II. Facts of the case
The parties are in dispute about a claim for damages due to incorrect investment advice and about the question of whether the defendant had passive legitimacy. In any case, it is undisputed that the defendant acted as a financial intermediary and representative of a UG vis-à-vis the claimant. The investment decisions made by the claimant on the advice of the defendant led, among other things, to the total loss of the invested capital. The claimant then demanded damages from the defendant personally for incorrect investment advice on the basis of contractual (an alleged investment advice contract existing with the defendant personally) and tortious claims (including culpa in contrahendo due to the claim of a personal trust exceeding the negotiating trust and due to immoral damage (sittenwidrige Schädigung)).
The lower courts dismissed the claim on the grounds that the requirements for asserting claims in tort were not met and that no contract had been concluded with the claimant; therefore, the claimant did not have passive legitimacy.
III. Decision of the BGH
However, in the opinion of the BGH, liability on the basis of a personal (prima facie) liability of the defendant pursuant to §§ 311 para. 2 and 3, 179 BGB (analogously) can be considered in addition to the UG.
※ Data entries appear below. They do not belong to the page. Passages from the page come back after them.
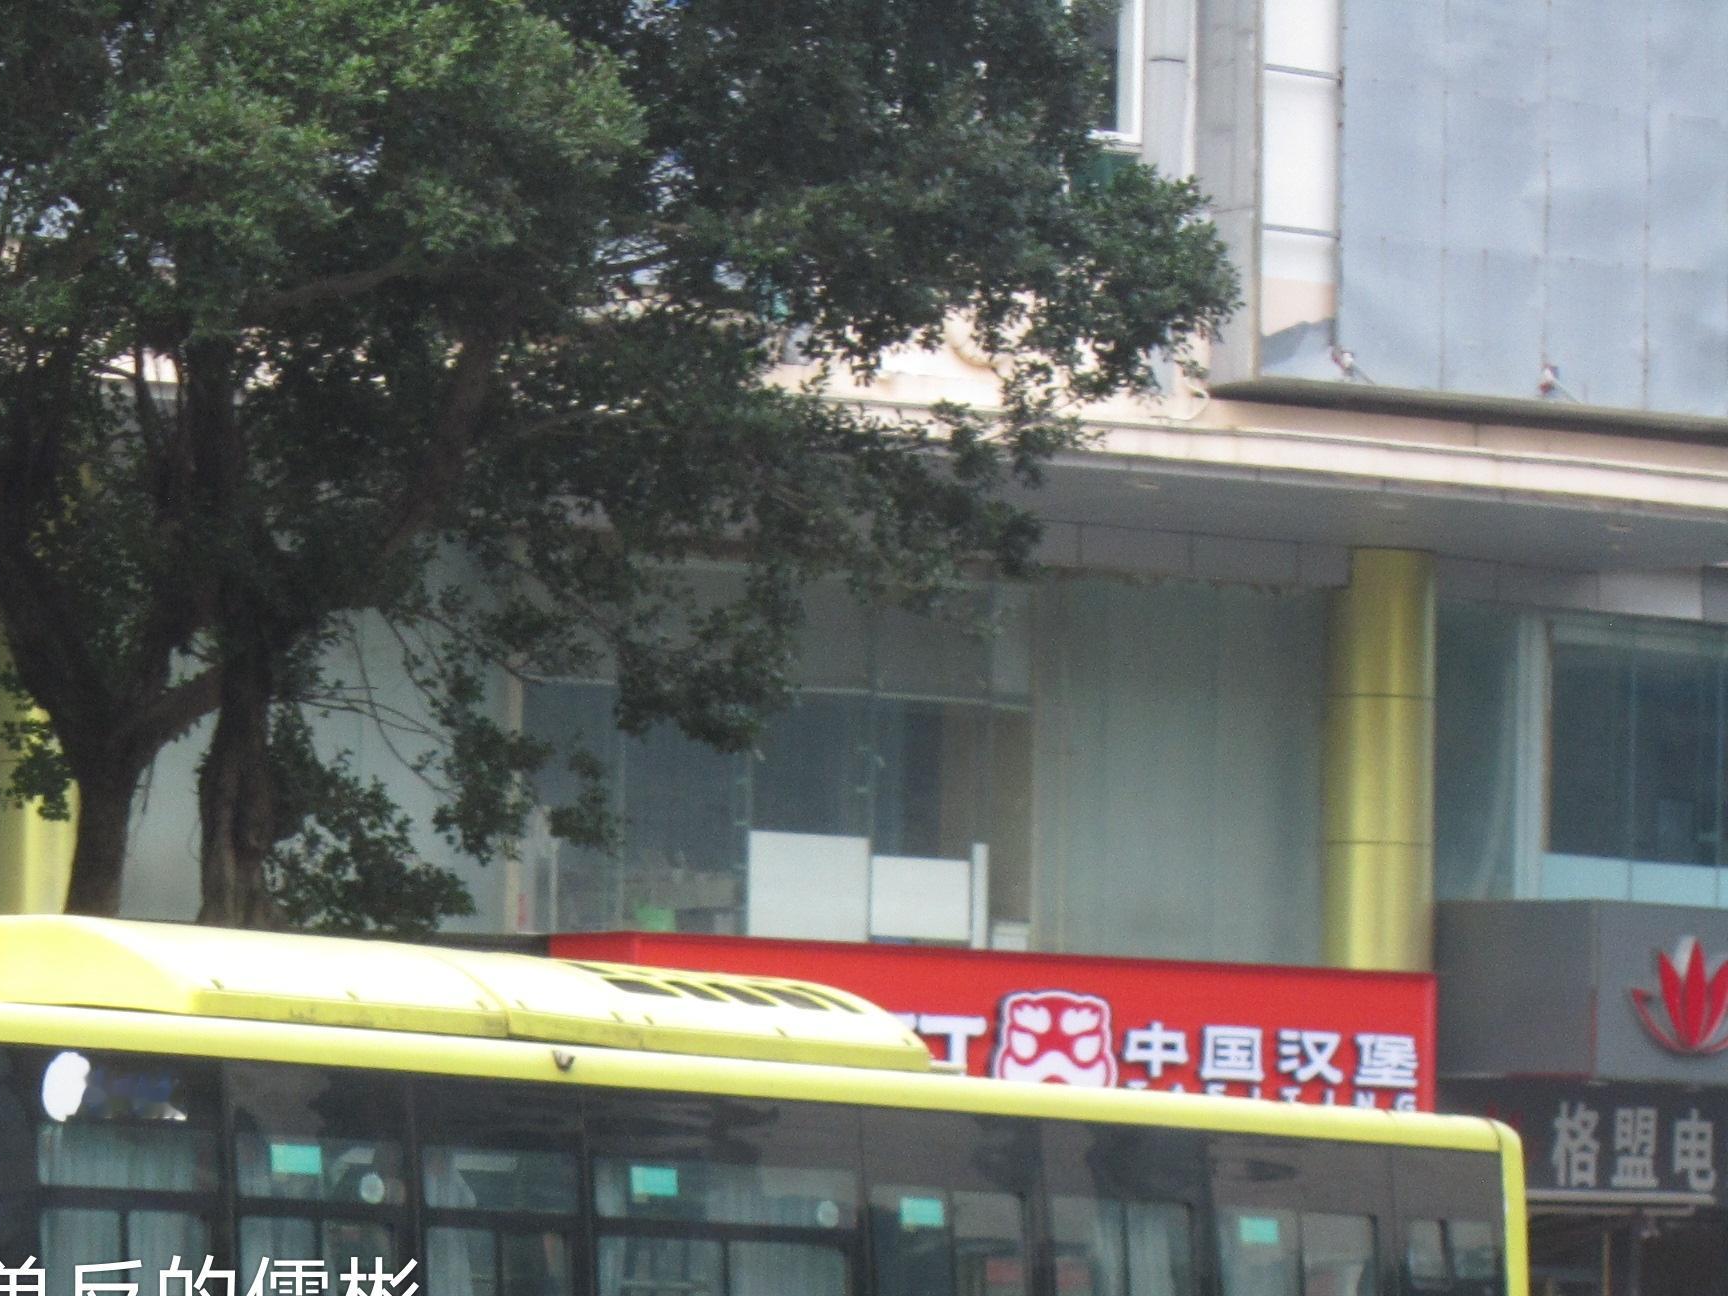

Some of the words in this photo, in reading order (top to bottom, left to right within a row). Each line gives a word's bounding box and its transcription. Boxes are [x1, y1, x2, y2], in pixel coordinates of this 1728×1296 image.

[1122, 1021, 1419, 1088] 中国汉堡
[1551, 1101, 1718, 1193] 格盟电
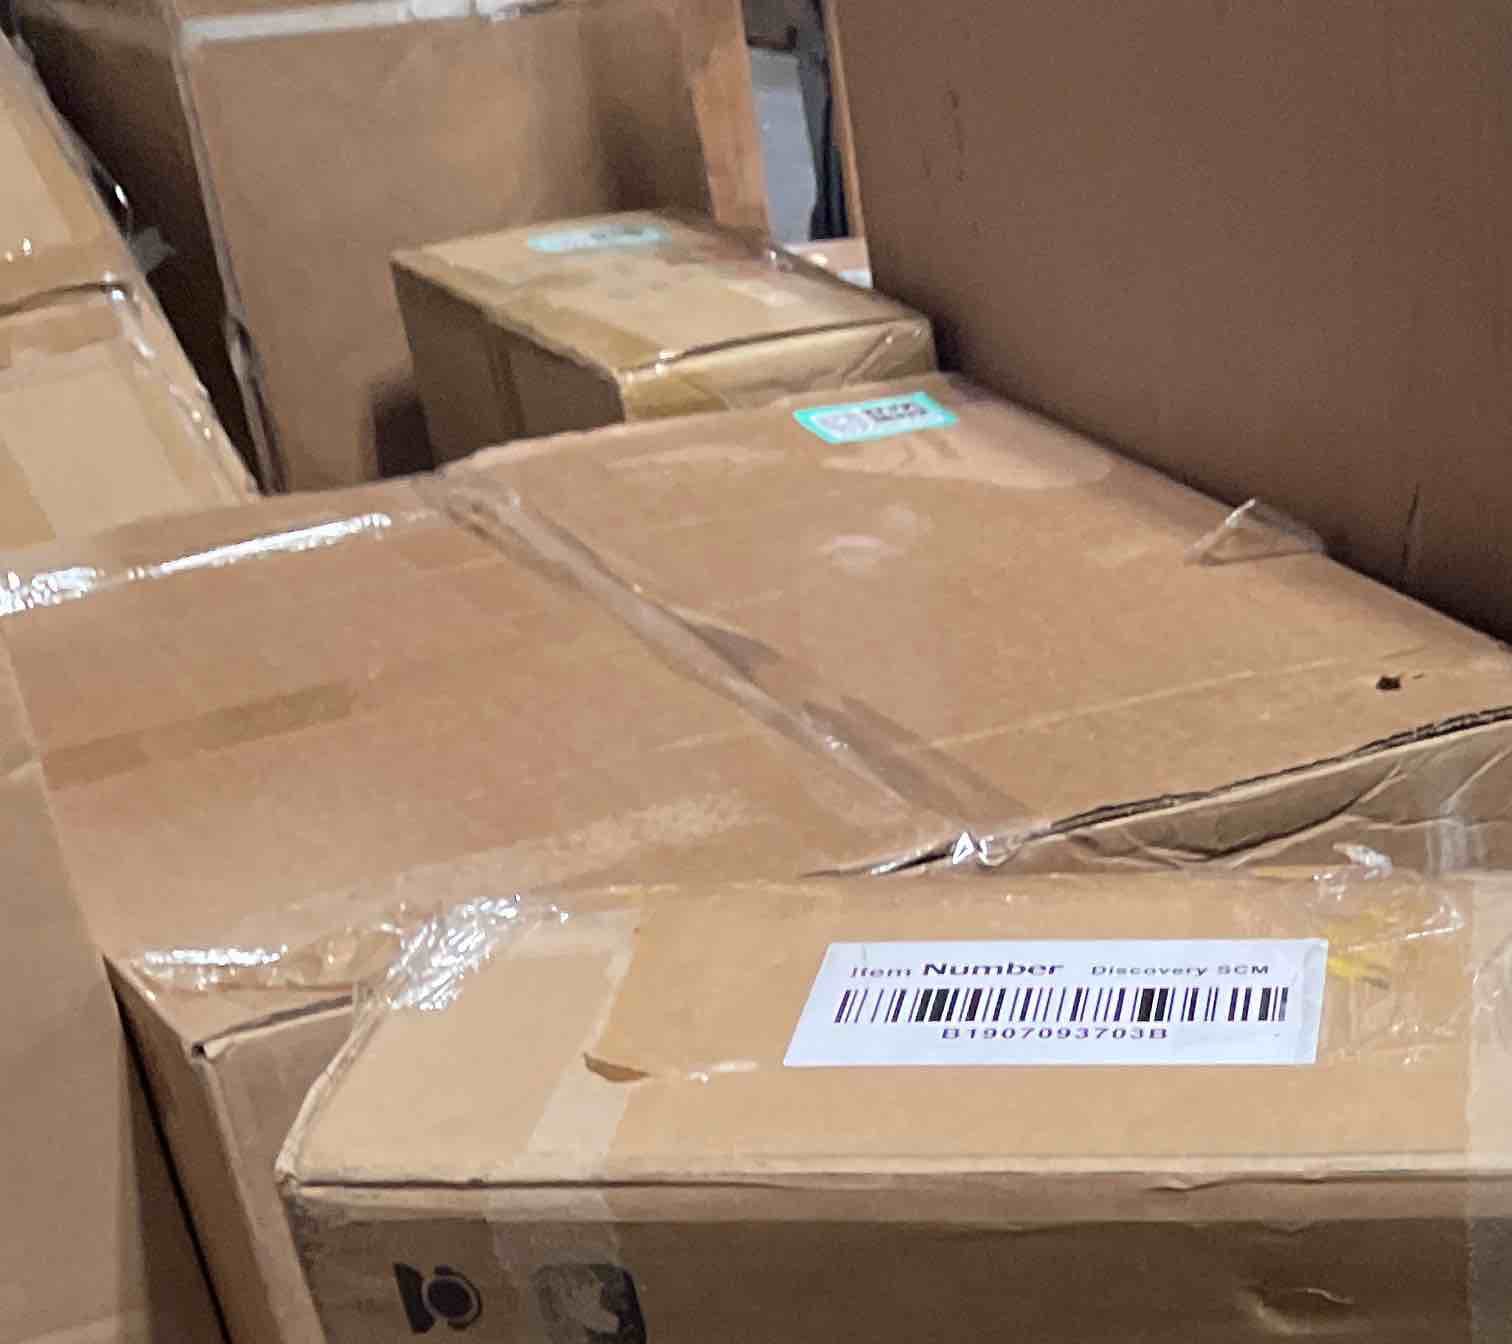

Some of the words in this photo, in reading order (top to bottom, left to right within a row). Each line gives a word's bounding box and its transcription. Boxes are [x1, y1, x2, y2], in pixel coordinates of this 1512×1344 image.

[848, 967, 912, 979] Item
[922, 961, 1065, 977] Number
[1091, 964, 1209, 977] Discovery
[1217, 964, 1271, 975] SCM
[941, 1027, 1169, 1040] B1907093703B
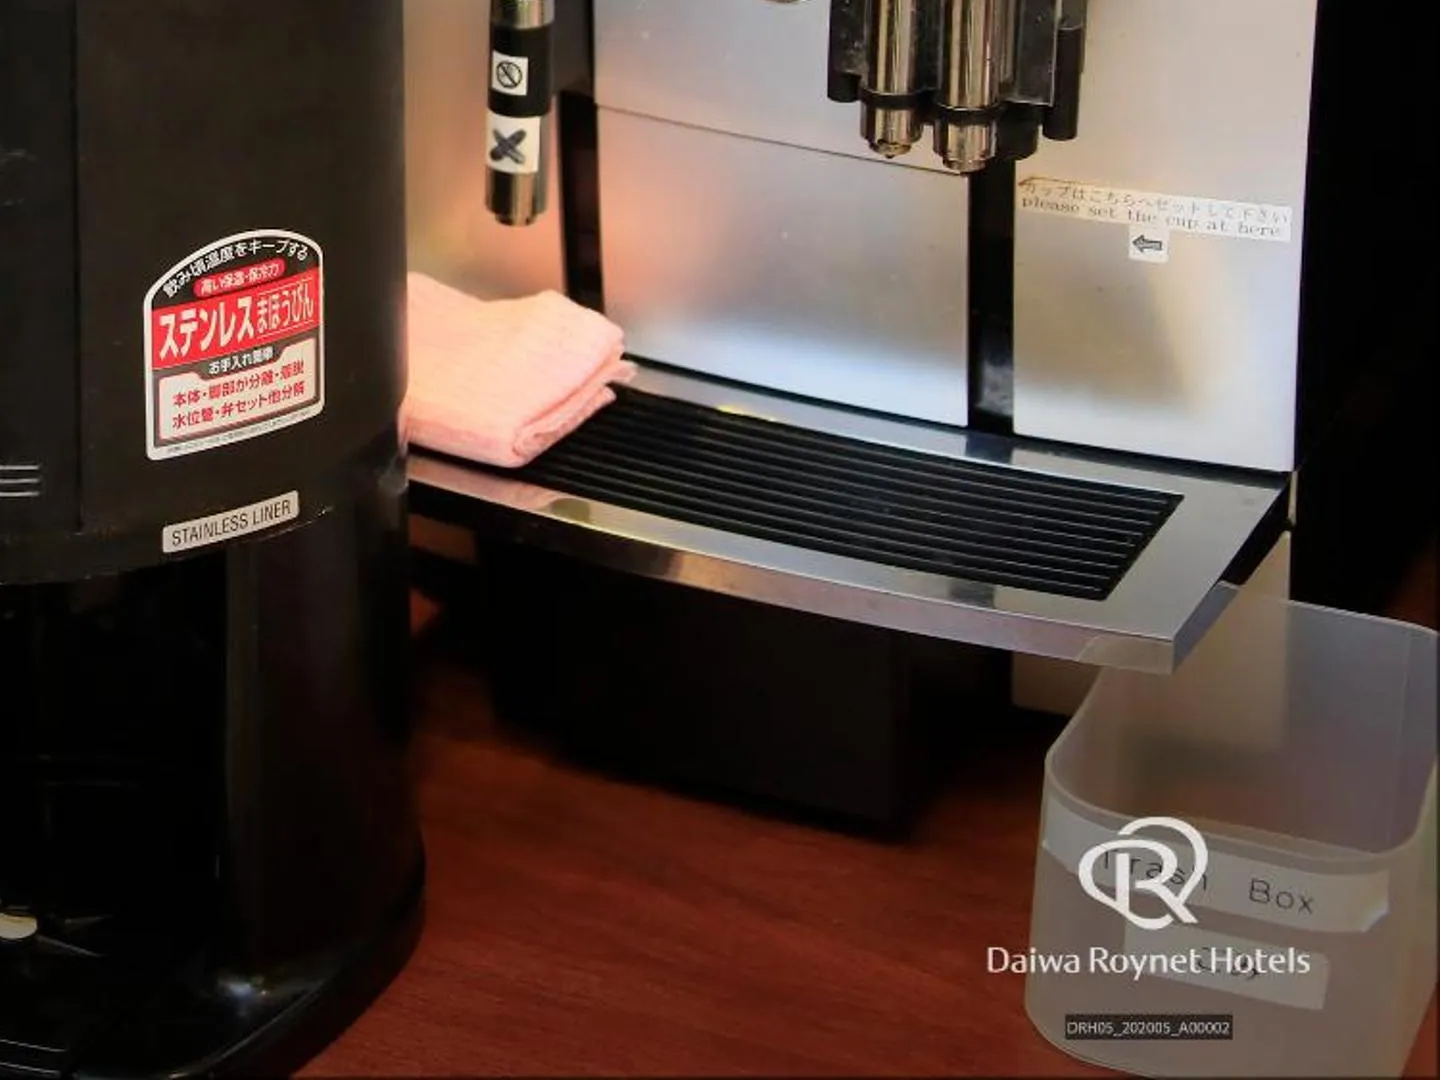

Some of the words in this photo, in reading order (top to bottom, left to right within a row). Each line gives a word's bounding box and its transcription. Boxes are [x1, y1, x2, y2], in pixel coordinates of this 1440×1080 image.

[1022, 196, 1080, 213] please
[1088, 205, 1118, 219] set
[1127, 208, 1159, 223] the
[1165, 214, 1199, 231] cup
[1206, 218, 1228, 232] at
[1238, 219, 1281, 236] here
[170, 512, 248, 547] STAINLESS
[251, 498, 293, 529] LINER
[1248, 877, 1315, 915] Box
In this context, the BGH also initially assumes that in the case to be decided a contract was not concluded between the claimant and the defendant, but between the claimant and the UG represented by the defendant, since it is a company-related transaction in which the intention of the parties involved is that the business owner – represented by the acting person – should become the contractual partner. According to the objective view of the recipient, the defendant acted as the representative of the UG and not for himself. Furthermore, the BGH assumes that the investment advice of the UG represented by the defendant was incorrect and in this respect there was a breach of duty by the investment advisor – in this case the UG – so that there is a claim for damages against the UG.
Contrary to the Court of Appeal, however, the BGH does not stop here and rejects the appeal, but comes to the personal liability of the defendant in addition to the UG pursuant to §§ 311 para. 2 and 3, 179 BGB (analogously), since the defendant did not express the limitation of liability of the UG to the claimant, but did in fact to a large extent not use the legal form “UG”. As a result, the defendant also had passive legitimacy.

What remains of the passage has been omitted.